Pardon the expression, but this is all arse-about-face. It’s demeaning to democracy. We’ve heard a lot over the years about the tail-wagging-the-dog scenario under MMP. Well, here it is writ large, and unfolding before our very eyes.

It’s a situation rich in irony. We voted for the introduction of MMP primarily to punish our politicians and bring them to heal. We were fed up with their broken promises. We wanted to make them more accountable.

Only now are New Zealanders realising that we achieved the exact reverse. Voters have no control whatsoever over whatever’s going on right now behind closed doors at Parliament. In effect, we have placed still more power in the hands of the political elites. This is the antithesis of what the promoters of MMP promised (and perhaps naively believed themselves). . . 

The situation is made even worse because whatever decision Peters and his negotiating team make has to be approved by serious consensus from the party board – the members of which have not been made public.

Frustrating as the protracted negotiations  and the secrecy over the board membership are, my fear is that the government that eventuates might be even worse.

It is possible Winston Peters and New Zealand First have learned from previous failures and will be determined to ensure strong and stable government in the best long term interests of  New Zealand.

But it is at least as likely that they haven’t and that both they and any coalition partners will be damaged by whatever permutation of government is foisted on us.

I dearly want Bill English to continue as Prime Minister but not at any price.
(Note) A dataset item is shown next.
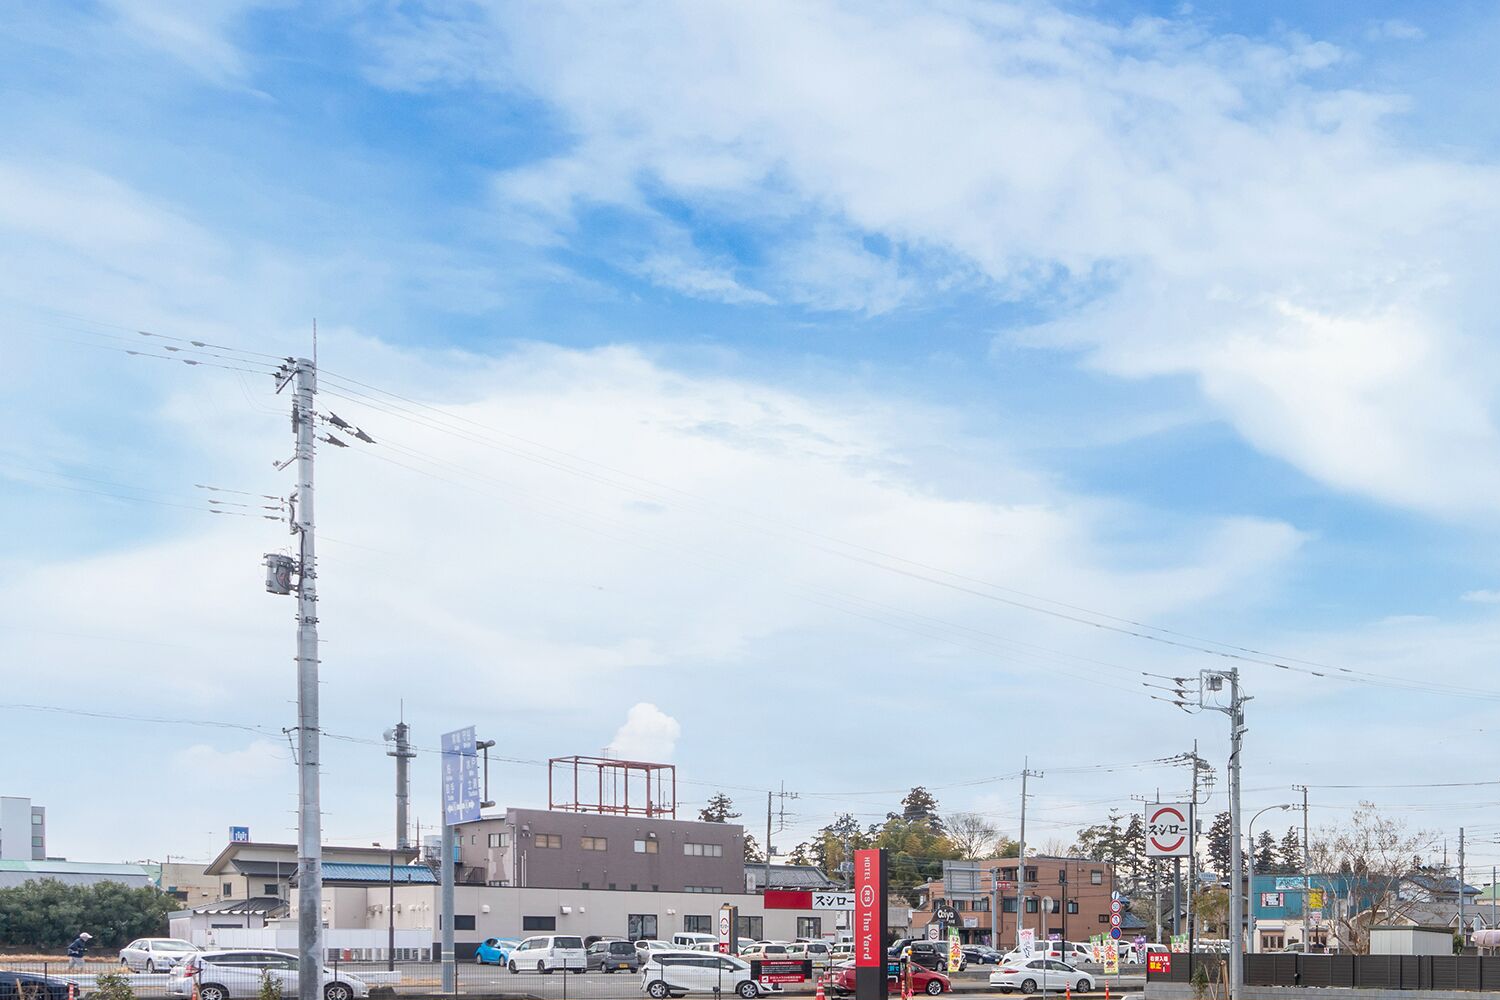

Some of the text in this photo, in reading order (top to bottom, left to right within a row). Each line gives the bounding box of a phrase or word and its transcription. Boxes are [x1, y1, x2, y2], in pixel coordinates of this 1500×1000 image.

The Employers and Manufacturers Association warns that the country will come to a grinding halt if there are drastic changes to immigration; NZ First’s anti-trade and foreign investment rhetoric contradicts its assertion it wants what’s best for the regions and mining the misery of the Pike River families is simply despicable.

Like David Farrar, I think it will be better for the country to have National leading the government, but it might be better for the party to be a formidable opposition – what Emma Espiner calls the opposition from hell – instead.

I have a lot of confidence in the ability of Bill English and his team. Nine years leading the country through financial and natural disasters has proved they are more than capable. But they will need all their skill and experience, and more than a little luck to govern in coalition with, or the support of, Peters and his party.

Even then, there is a risk that whoever wins in the short  term might become the losers and the losers might turn out to be the winners in the medium to longer term.

P.S. Apropos of foreign investment – Eric Crampton gives some context:

 New Zealand is the most restrictive country in the entire OECD. It is the seventh most restrictive country of the 62 countries they surveyed.

5 Responses to Winners losers, losers winners?

  1. Owen says:

    As one who fought strongly against MMP but would have reluctantly settled for proportionality over half the seats in Parliament all I can say is that the country got what it deserved. A bunch of starry-eyed, mostly leftwing voters carried the day by an unacceptably low margin.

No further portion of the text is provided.